- Texte visé : Projet de loi de finances pour 2026, n° 1906
- Stade de lecture : 1ère lecture (1ère assemblée saisie)
- Examiné par : Assemblée nationale (séance publique)
I. – Après l’article L. 421‑1 du code des impositions sur les biens et services, il est inséré un article L. 421‑1‑1 ainsi rédigé :
« Art. L. 421‑1‑1. – Le véhicule détenu ou pris en location longue durée par une association régie par la loi du 1er juillet 1901, reconnue d’utilité publique, est exonéré. »
II. – La perte de recettes pour l’État est compensée à due concurrence par la création d’une taxe additionnelle à l’accise sur les tabacs prévue au chapitre IV du titre Ier du livre III du code des impositions sur les biens et services.
Le présent amendement est un amendement de repli.
Notre objectif initial est la suppression pure et simple de l’article 13 du PLF 2026, qui prolonge la logique d’une écologie punitive et accroît la pression fiscale récurrente sur les acteurs économiques, en particulier les entreprises dont l’activité nécessite des véhicules professionnels pour ses employés. À défaut d’obtenir cette suppression, le présent amendement vise à épargner les associations dont les moyens financiers sont limités, qui remplissent des missions d’intérêt général essentielles sur tout le territoire et dont le financement repose majoritairement sur des subventions publiques.

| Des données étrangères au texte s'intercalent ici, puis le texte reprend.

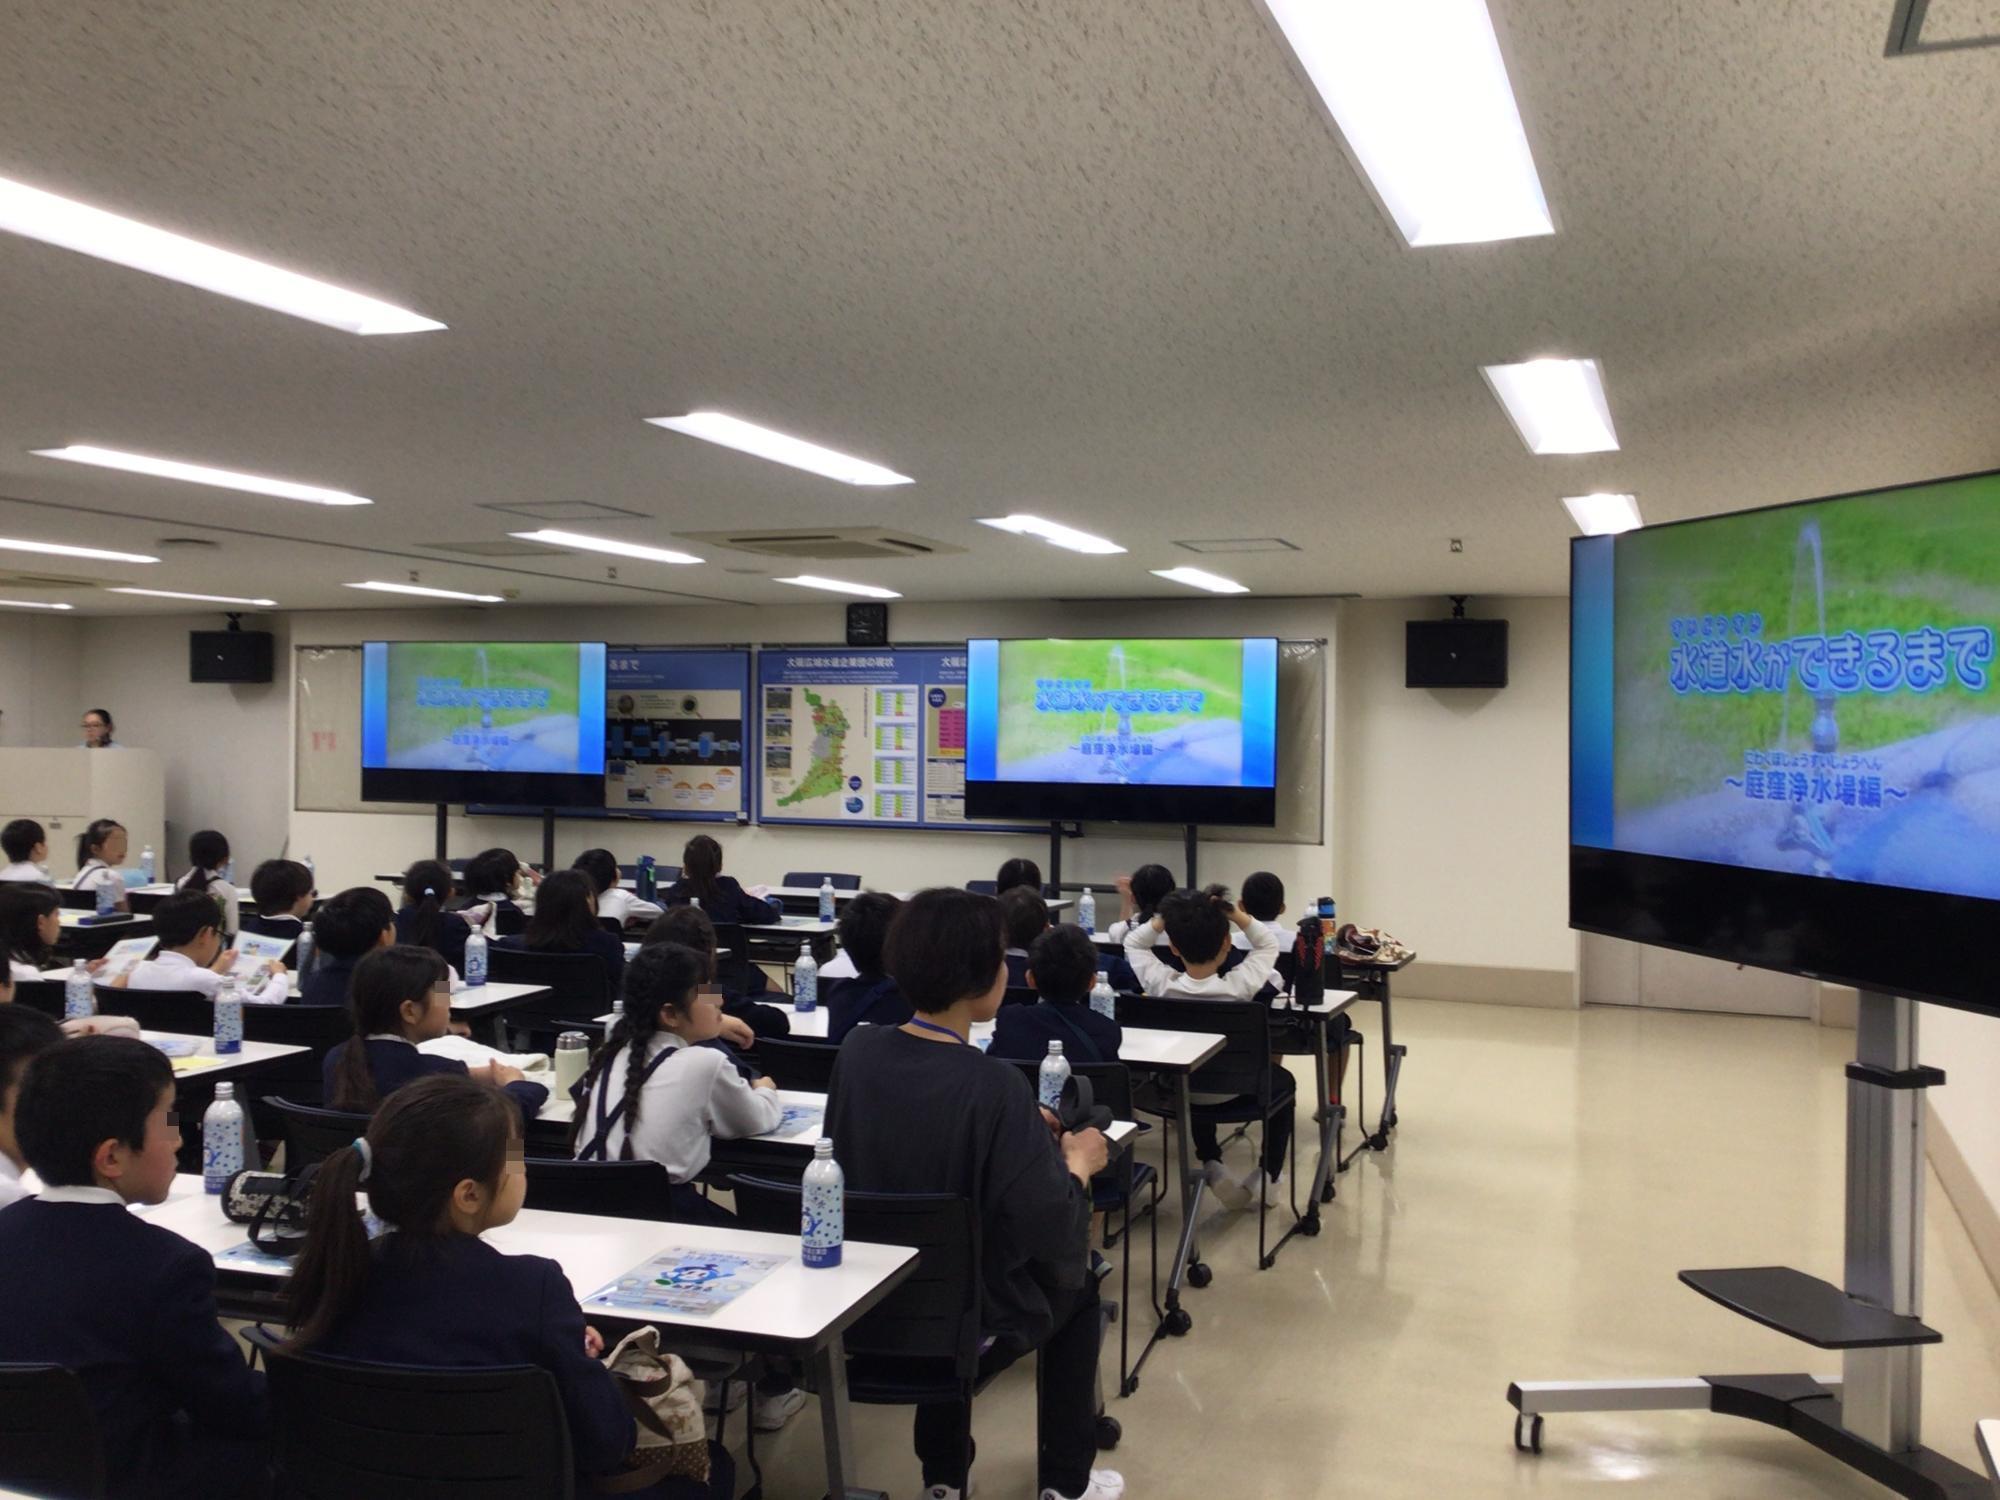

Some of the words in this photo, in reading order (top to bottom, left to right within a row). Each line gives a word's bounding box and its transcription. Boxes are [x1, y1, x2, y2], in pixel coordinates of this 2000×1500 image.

[1671, 626, 1992, 692] 水道水ができるまで

Concrètement, l’article 13 renforce les taxes annuelles “professionnels” sur les véhicules (taxe annuelle CO₂ et taxe “polluants”), faisant peser un surcoût structurel sur les flottes indispensables à l’exercice quotidien des activités. Or de nombreuses associations loi 1901 (secteurs sociaux et médico-social, insertion, sport, culture, aide alimentaire, sécurité civile, environnement, etc.) ne disposent ni de marges de manœuvre financières ni de la faculté de répercuter ces coûts, au risque de réduire leurs services ou de solliciter davantage de subventions, ce qui neutraliserait l’objectif budgétaire recherché
Rappelons que le dispositif proposé à travers cet amendement, instaure donc une exception aux deux taxes annuelles professionnelles visées par l’article 13, au bénéfice des associations. Cette exonération ne modifie ni le malus à l’immatriculation ni les signaux-prix à l’achat, elle cible uniquement les prélèvements annuels récurrents qui fragilisent des acteurs non marchands.